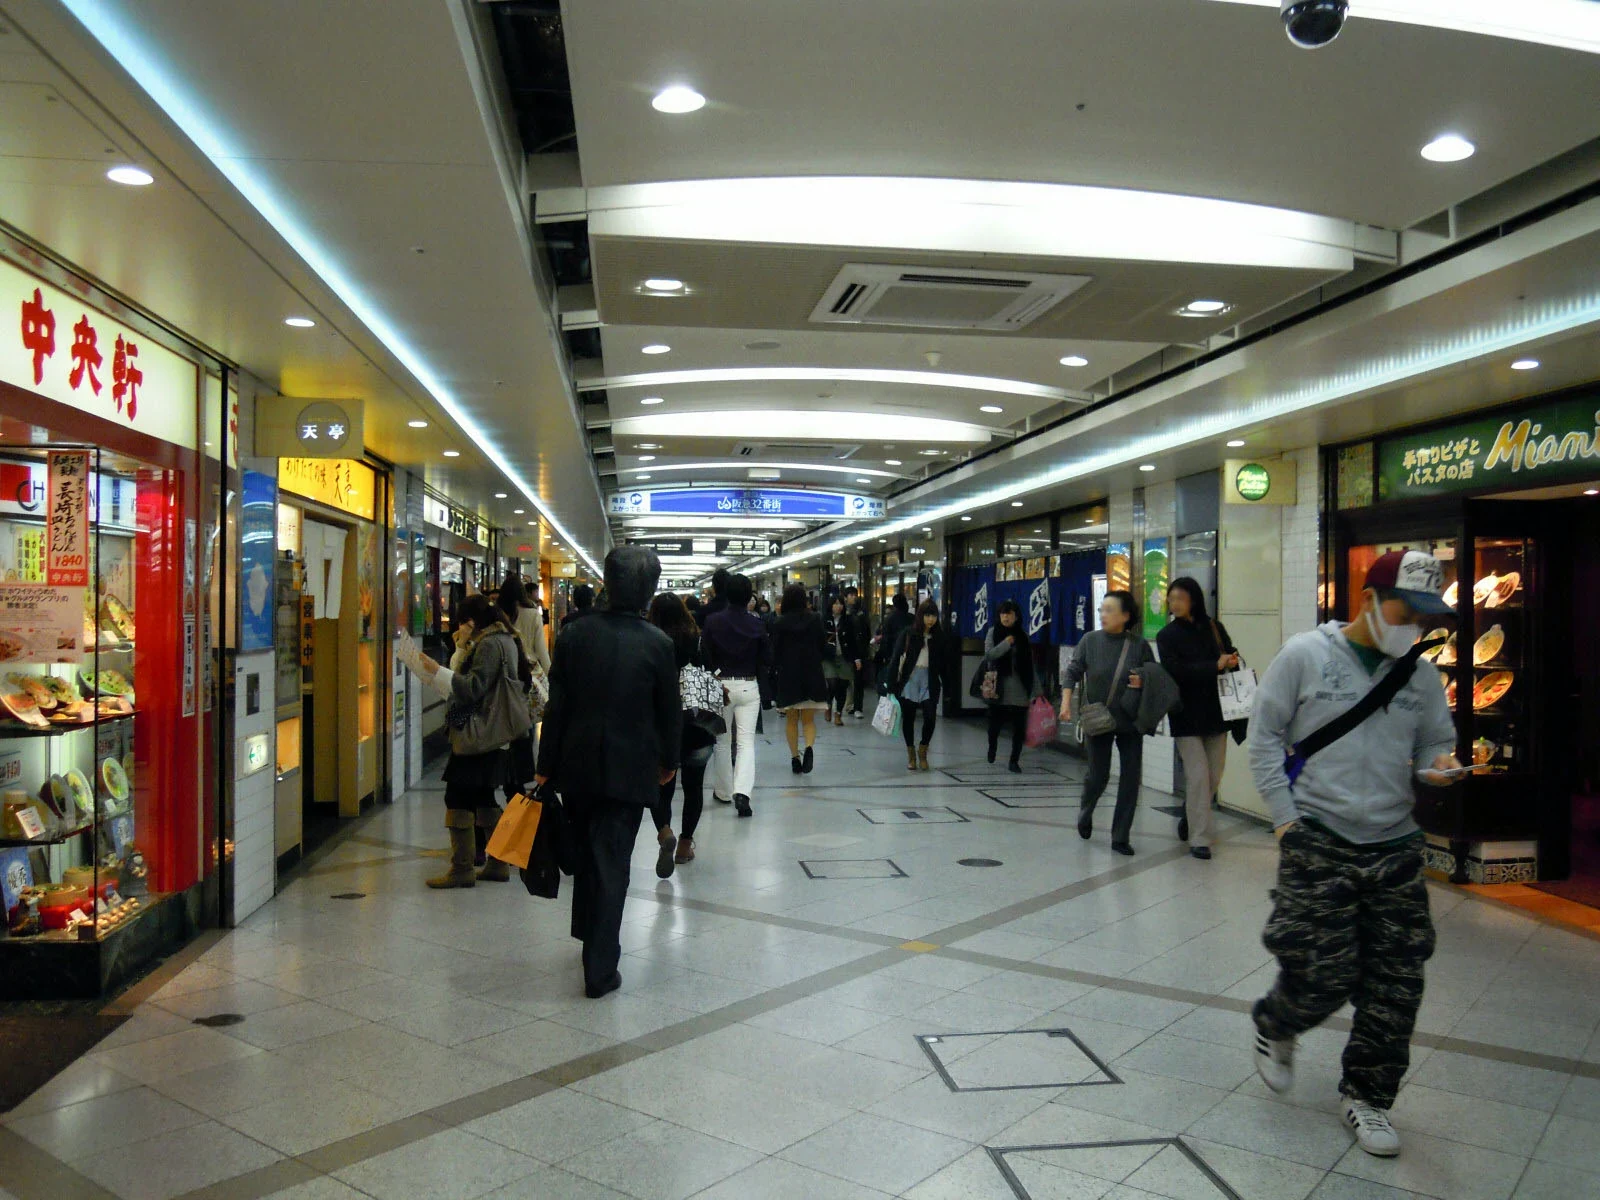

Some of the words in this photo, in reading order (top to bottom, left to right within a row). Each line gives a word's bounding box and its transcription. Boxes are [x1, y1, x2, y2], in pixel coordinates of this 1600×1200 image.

[21, 287, 143, 422] 中央軒
[302, 424, 345, 440] 天亭
[1402, 437, 1481, 470] 手作りピザと
[1407, 459, 1476, 487] パスタの店
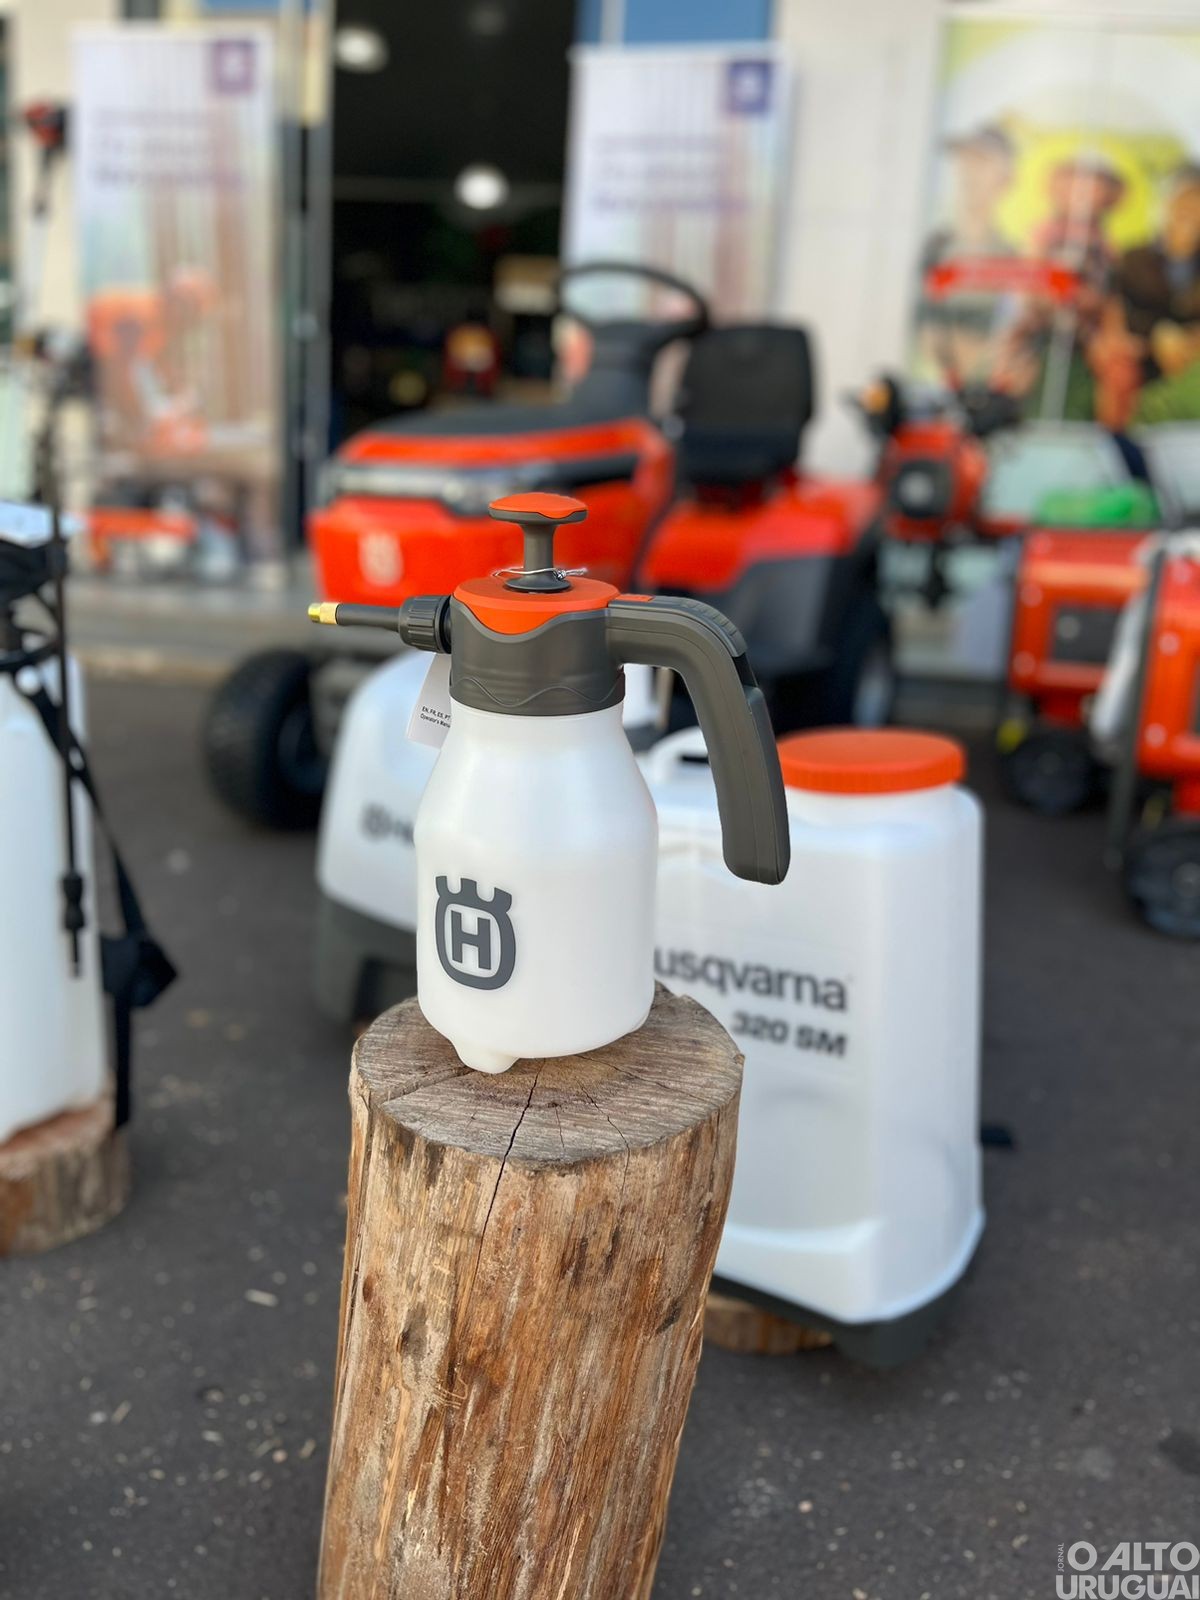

-------------------------

THE PROBLEM -
Print each line above exactly as it appears, excluding all images.

RESPONSE BELOW -
Some of the words in this photo, in reading order (top to bottom, left to right within a row). Each line gives a word's bounding box and its transcription. Boxes are [x1, y1, x2, y2], in pixel coordinates of this 1600×1200 image.

[21, 287, 143, 422] 中央軒
[302, 424, 345, 440] 天亭
[1402, 437, 1481, 470] 手作りピザと
[1407, 459, 1476, 487] パスタの店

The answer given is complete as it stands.